One lovely evening in spring, when the sun had gone down and left the air soft, and balmy, and full of the scents which rise from the earth after a shower, and the odours of the buds which were swelling and bursting in all directions, Willie was standing looking out of his open window into the parson's garden, when Mr Shepherd saw him and called to him—
"Come down here, Willie," he said. "I want to have a little talk with you."

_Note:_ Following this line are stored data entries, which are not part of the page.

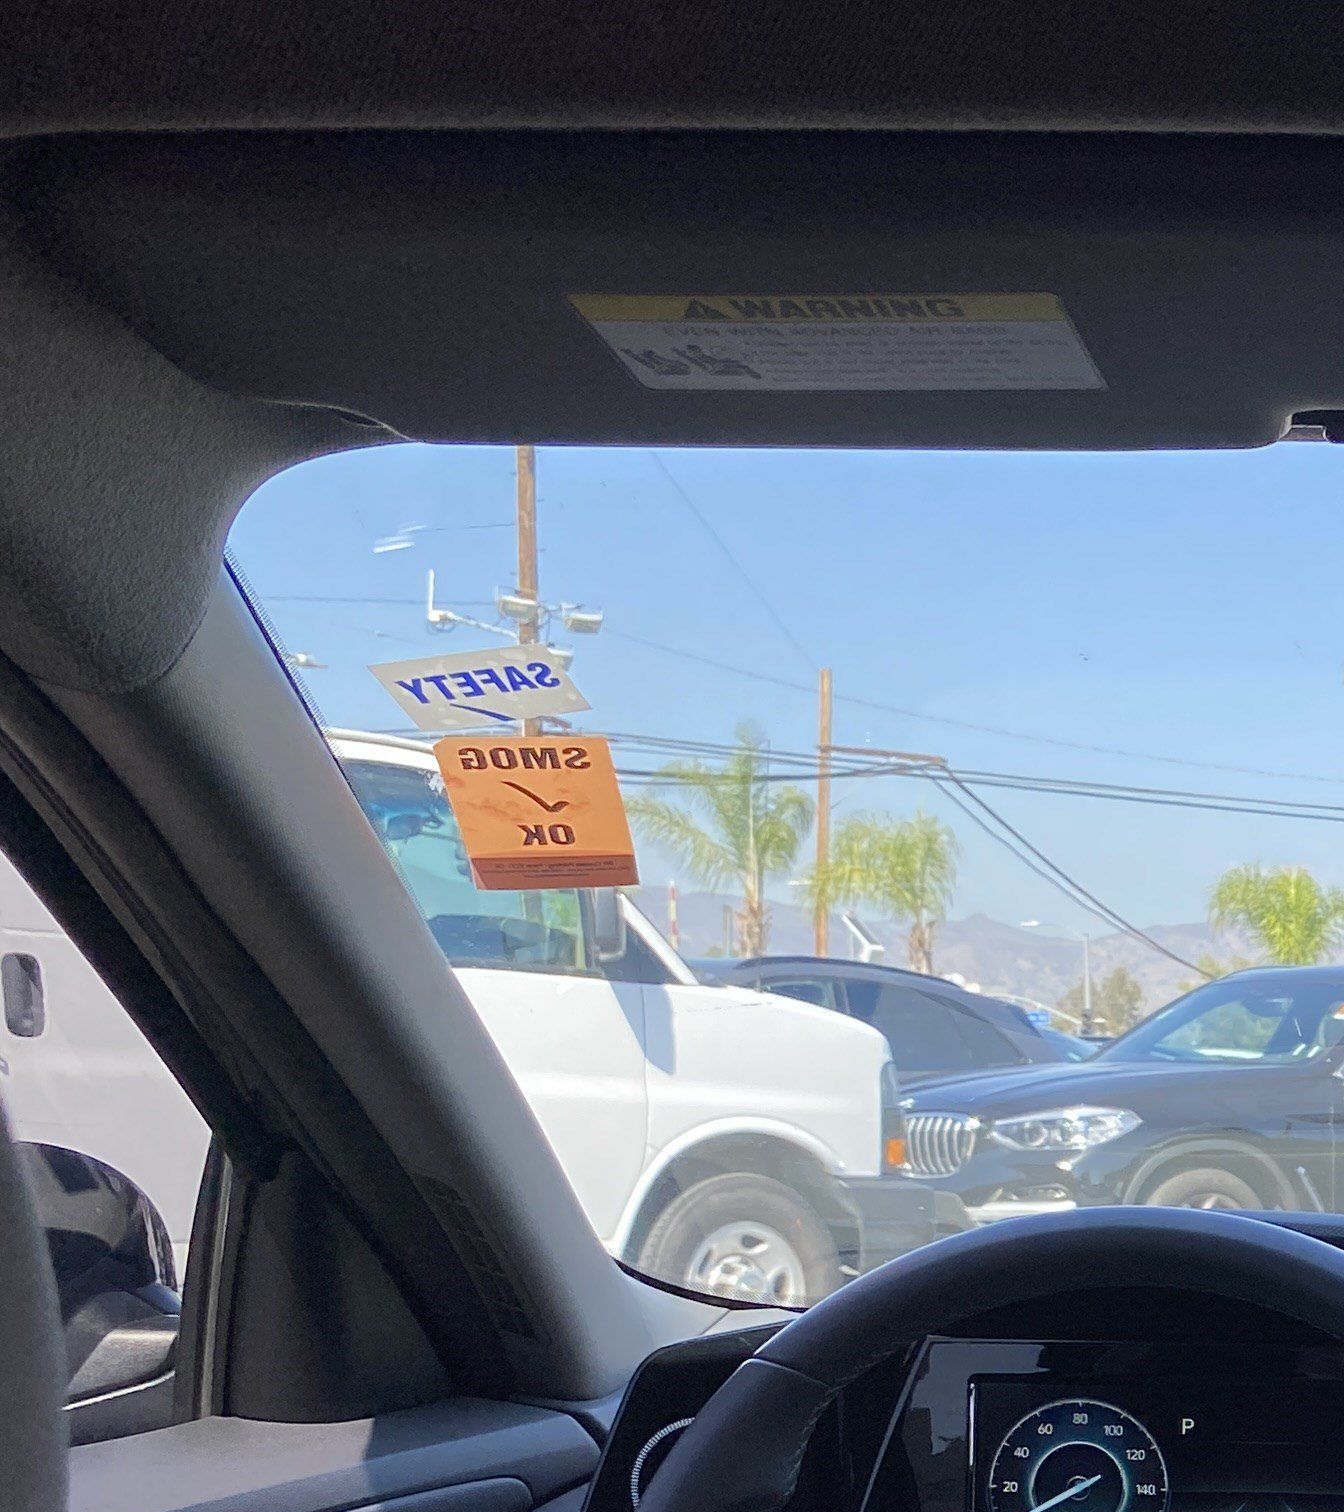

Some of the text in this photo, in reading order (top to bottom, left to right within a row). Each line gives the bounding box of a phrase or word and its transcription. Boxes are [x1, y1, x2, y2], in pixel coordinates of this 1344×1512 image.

[729, 299, 966, 319] WARNING
[1072, 1413, 1089, 1425] 80
[1038, 1423, 1053, 1435] 60
[1104, 1425, 1124, 1436] 100
[1182, 1419, 1195, 1435] P
[1014, 1447, 1029, 1458] 40
[1126, 1450, 1145, 1460] 120
[1003, 1481, 1018, 1493] 20
[1136, 1484, 1155, 1495] 140

Willie got on the wall from the top of his stair, dropped into the stable-yard, which served for the parson's pony as well as the Doctor's two horses, and thence passed into Mr Shepherd's garden, where the two began to walk up and down together.
The year was like a child waking up from a sleep into which he had fallen crying. Its life was returning to it, fresh and new. It was as if God were again drawing nigh to His world. All the winter through He had never left it, only had, as it were, been rolling it along the path before Him; but now had taken it up in His hand, and was carrying it for a while; and that was how its birds were singing so sweetly, and its buds were coming so blithely out of doors, and the wind blew so soft, and the rain fell so repentantly, and the earth sent up such a gracious odour.